À peine le récipiendaire daigna-t-il tourner les yeux de son côté.

— Tu promets donc obéissance passive à l’association sainte ? demanda le président.

— Oui.

— Même si cette obéissance devait s’exercer sur toi-même ?

— Celui qui entre ici n’est pas à lui, il est à tous.

— Ainsi, quelque ordre qu’il te soit donné par moi, tu obéiras ?

— J’obéirai.

— À l’instant même ?

— À l’instant même.

— Sans hésitation ?

— Sans hésitation.

— Prends ce pistolet et charge-le.

L’inconnu prit le pistolet, fit glisser la poudre dans le canon, l’assujettit avec une bourre, puis laissa tomber la balle, qu’il assura avec une seconde bourre, après quoi il amorça l’arme.

Tous les sombres habitants de l’étrange demeure le regardaient avec un morne silence, qui n’était interrompu que par le bruit du vent se brisant aux angles des arceaux rompus.

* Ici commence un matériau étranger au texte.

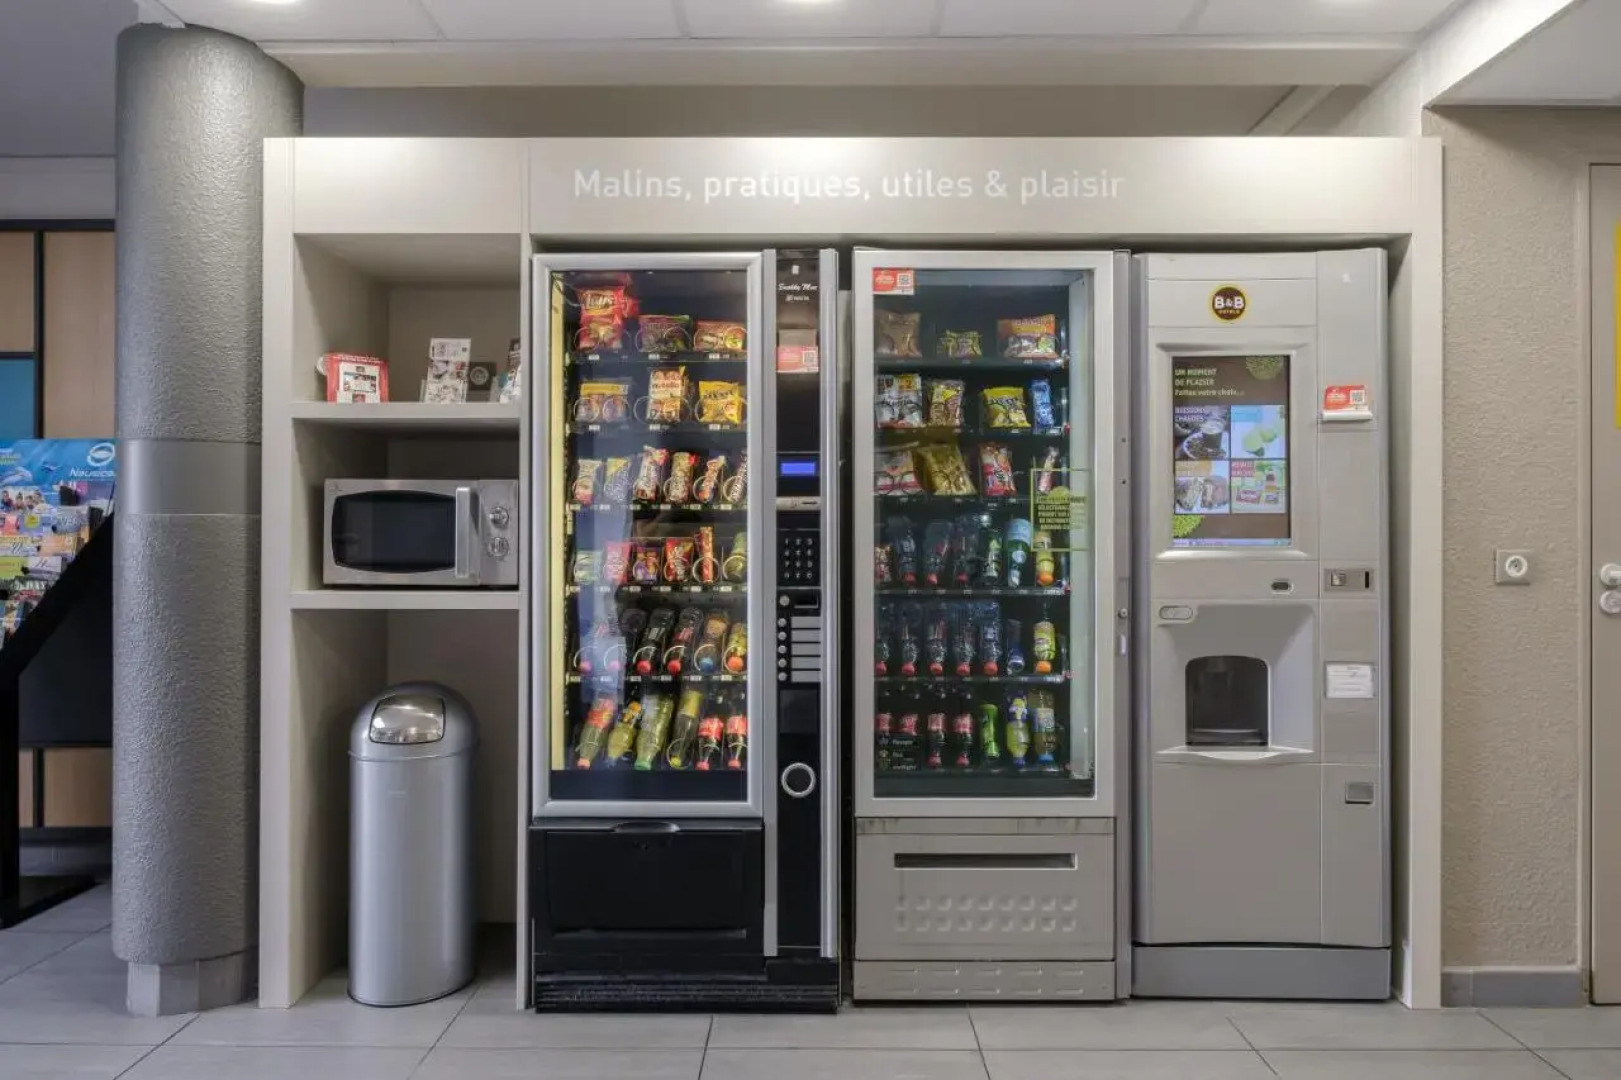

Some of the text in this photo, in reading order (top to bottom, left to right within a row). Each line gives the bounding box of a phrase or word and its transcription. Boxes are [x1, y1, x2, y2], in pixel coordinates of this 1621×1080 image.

[574, 168, 1125, 206] Malins, pratiques, utiles & plaisir
[1215, 296, 1245, 309] B&B
[1187, 367, 1217, 376] MOMENT
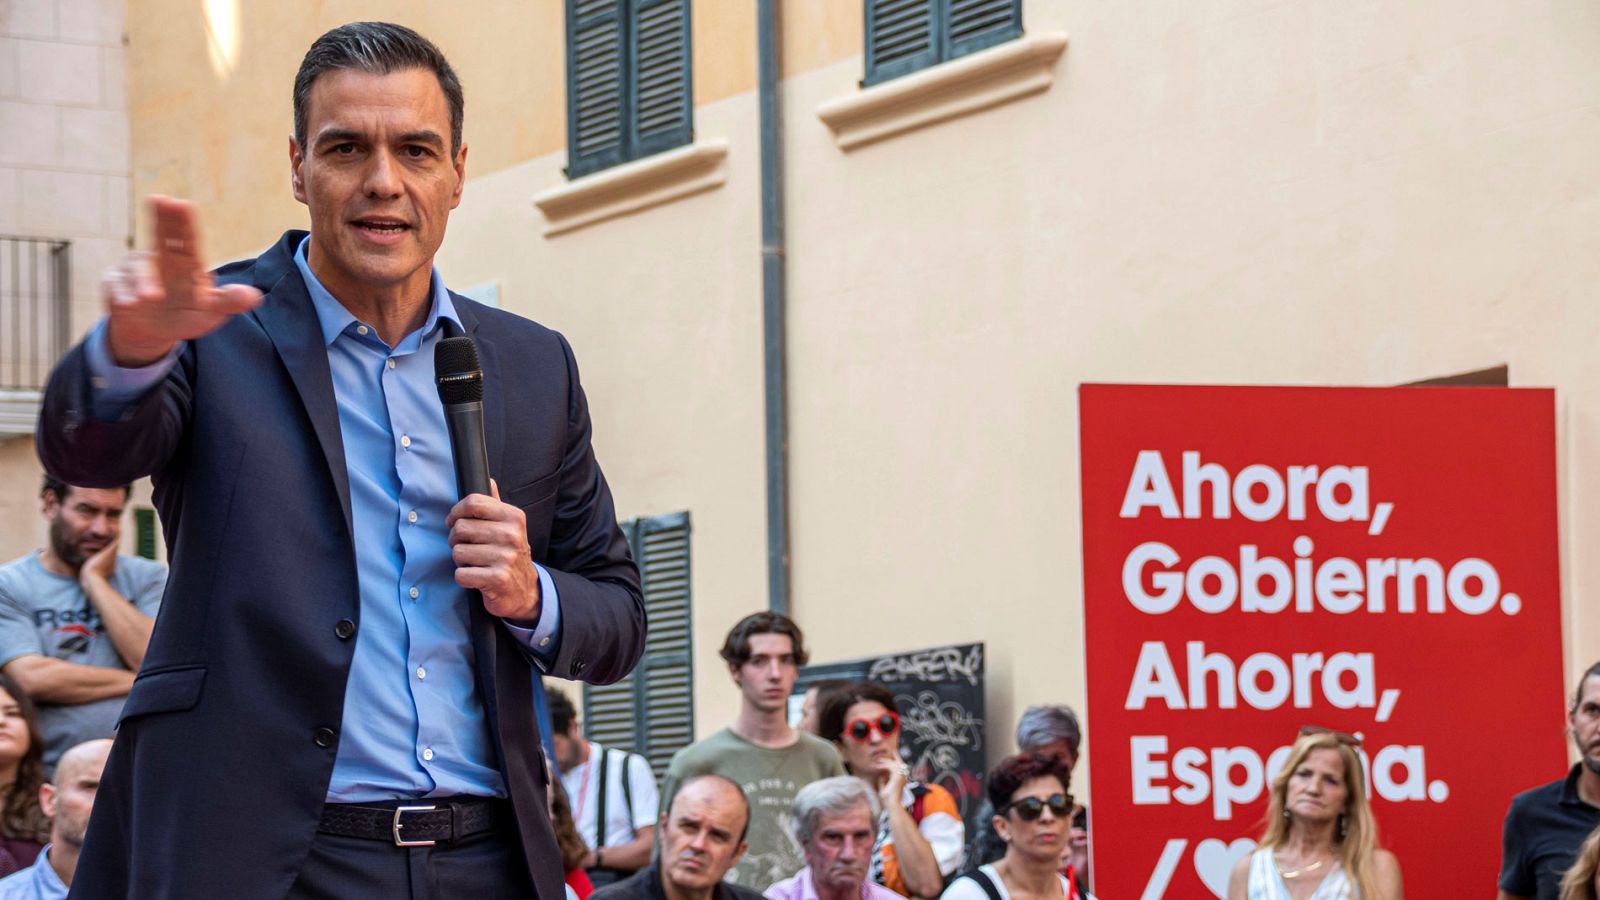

— Le pistolet est chargé, dit froidement l’inconnu.

— En es-tu sûr ? demanda le président.

Un sourire passa sur les lèvres du récipiendaire qui tira la baguette et la laissa couler dans le canon de l’arme qu’elle dépassa de deux pouces.

Le président s’inclina en signe qu’il était convaincu.

— Oui, dit-il, il est en effet chargé et bien chargé.

— Que dois-je en faire ? demanda l’inconnu.

— Arme-le.

L’inconnu arma le pistolet, et l’on entendit au milieu du profond silence qui accompagnait les intervalles du dialogue le craquement du chien.

— Maintenant, reprit le président, appuie la bouche du pistolet contre ton front.

Le récipiendaire obéit sans hésiter.